It hit me right in the middle of a HIIT session. I came here to unwind (we all have our ways of doing that, and I guess mine is sweating under a ticking chronometer) ; but somehow I was still annoyed by a text I had just gotten.
Mind you, it’s Sunday morning, 8:40am. The sun is shining, I just had a sip of espresso, I’m on my way to the burpee chamber, and right there and then, a text following up on an article I had at the top of my list for the following day pops up on my phone.
By Cynthia Jreige

I know some people don’t overthink it. Something crosses their minds and boom — it needs to depart their conscience before it’s forgotten forever. Sadly, as the recipient of this impulse, I started spiraling into stress over how to answer, given that said article has yet to be finalized. Because yes, I took a bit of time off between Saturday afternoon and Sunday. Sue me.
I was not going to answer, because I refuse to set this as a standard. I was so taken aback (yet far from surprised) that I took it out on my impressive community of 1.2K followers and asked them if they too were receiving text messages from work outside working hours. Okay, only 32 people replied — but 31 said yes. Thirty-one! Are you telling me this is now the norm?
Since the introduction of AI, employers and/or clients expect us to debit an amount of work faster than an Airbus during takeoff, prioritizing quantity over quality and completely disregarding any form of wellbeing.
Are we glamorizing the grind? Is it voluntary? Or is it a punishment disguised under the promise of getting first to the finish line of the productivity marathon?
We shouldn’t be proudly saying that we have Zoom meetings at 1am on a Friday, or that we haven’t slept in four days because of a work project. I plead guilty to doing that more than I’d like to admit, but to my defense, I’m an entrepreneur and I’m a bit of a masochist (cf. my ways to unwind).

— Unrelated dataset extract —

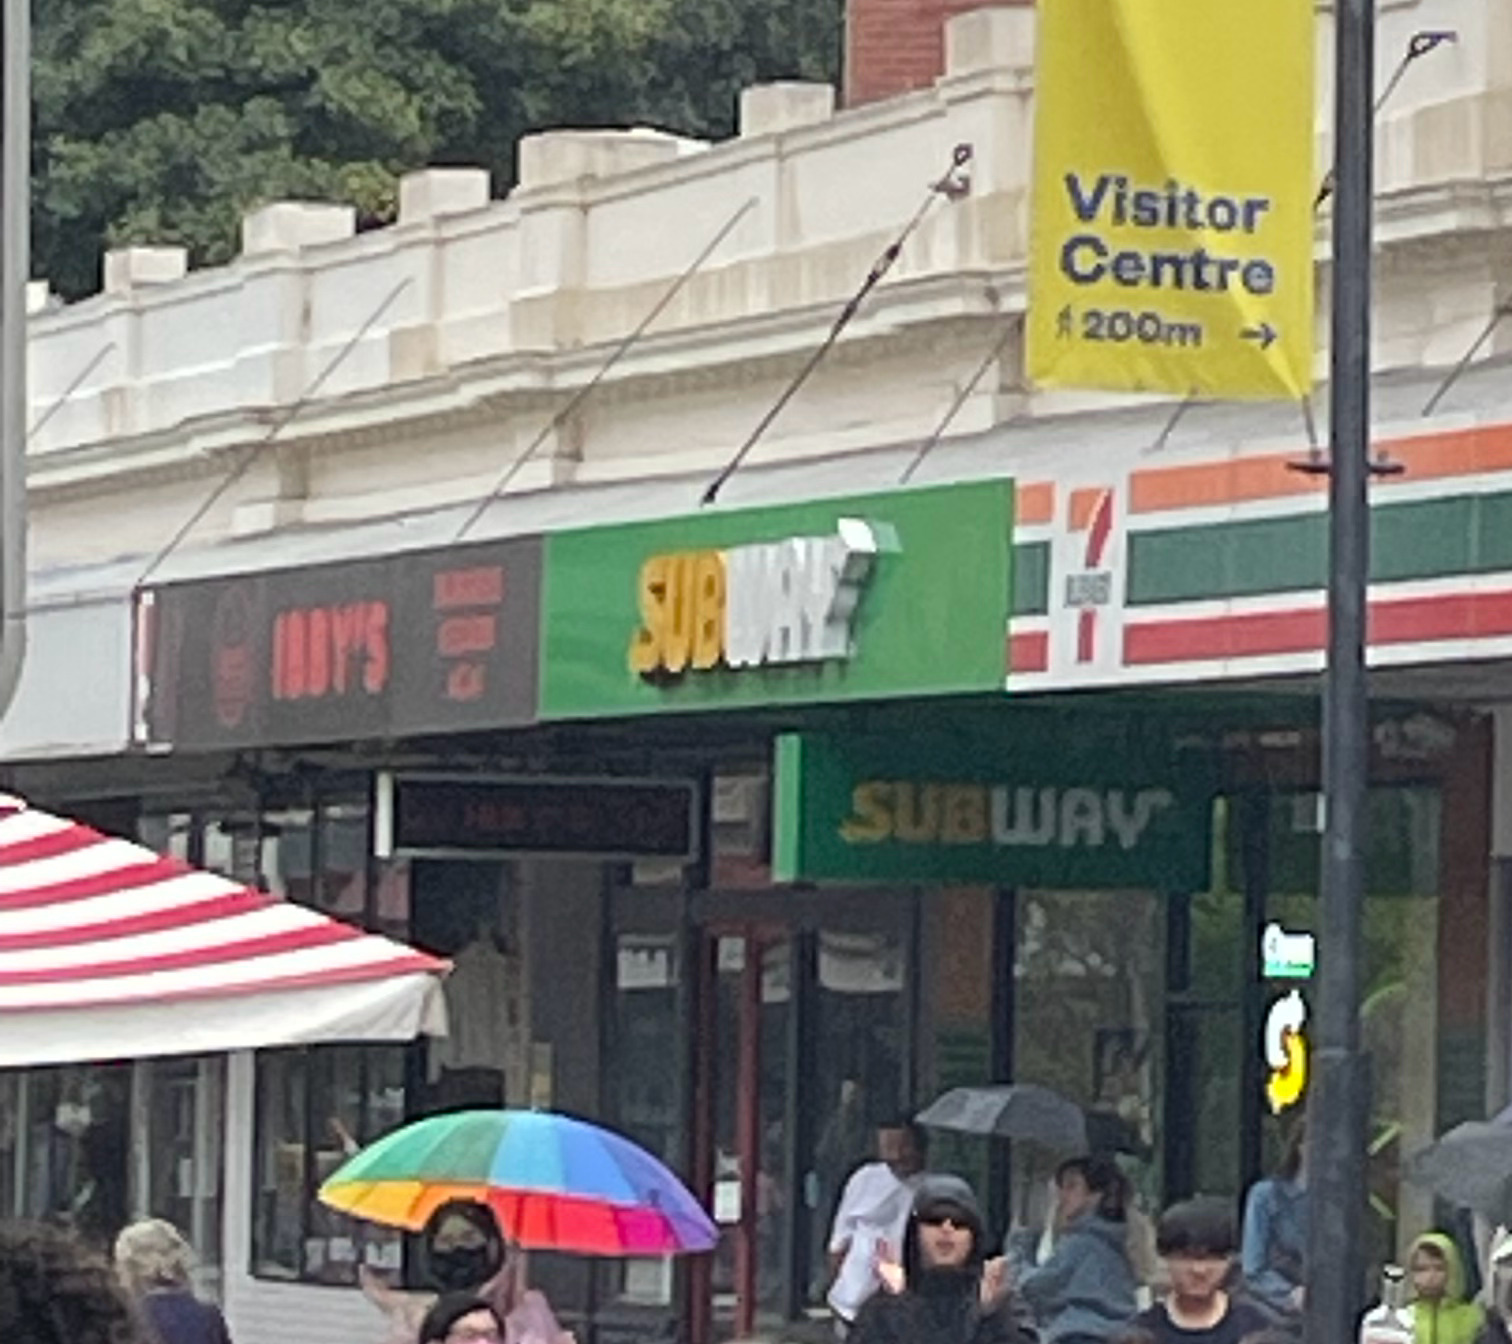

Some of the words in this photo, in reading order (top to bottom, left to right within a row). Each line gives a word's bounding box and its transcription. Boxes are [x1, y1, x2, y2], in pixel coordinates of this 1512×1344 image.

So there I was, putting my sneakers on, ready for the next 45 minutes of sweating my apricot electrolytes off (hopefully not). But even though it was Sunday morning and I was promised high dopamine levels, I was anxious. I was angry and I wanted to go home. It took warming up and a few good songs to forget about the world (the dopamine eventually hit later as I moonwalked my way home), but I still couldn’t help but wonder: why is my professional life overstepping on my private one so much? Who gave anyone the right? Us, collectively, as a society? Capitalism? AI and its insane fast-delivery standards? The collective of SWANA dads?
No matter who, it is time to reclaim our right to chill back.

Not for us to get to the gym or a massage appointment wanting to smash a few plates on the floor (or, you know, murder someone). Even wellness companies capitalize on our misery: supplements, retreats, lymphatic vibrating plates, rings and bracelets that tell us our recovery is awful (no shit, Sherlock). It is hard to ever feel fulfilled, accomplished, or like we’re doing anything right. To the point that if I take 30 minutes to have lunch, I feel like I’m failing people who expect answers from me. Where my colleague excels at JOMO (I’m jealous), I’m the queen of FOMO, and I always believe that being unproductive will lead to my demise.
Or… is that what the system wants me to believe?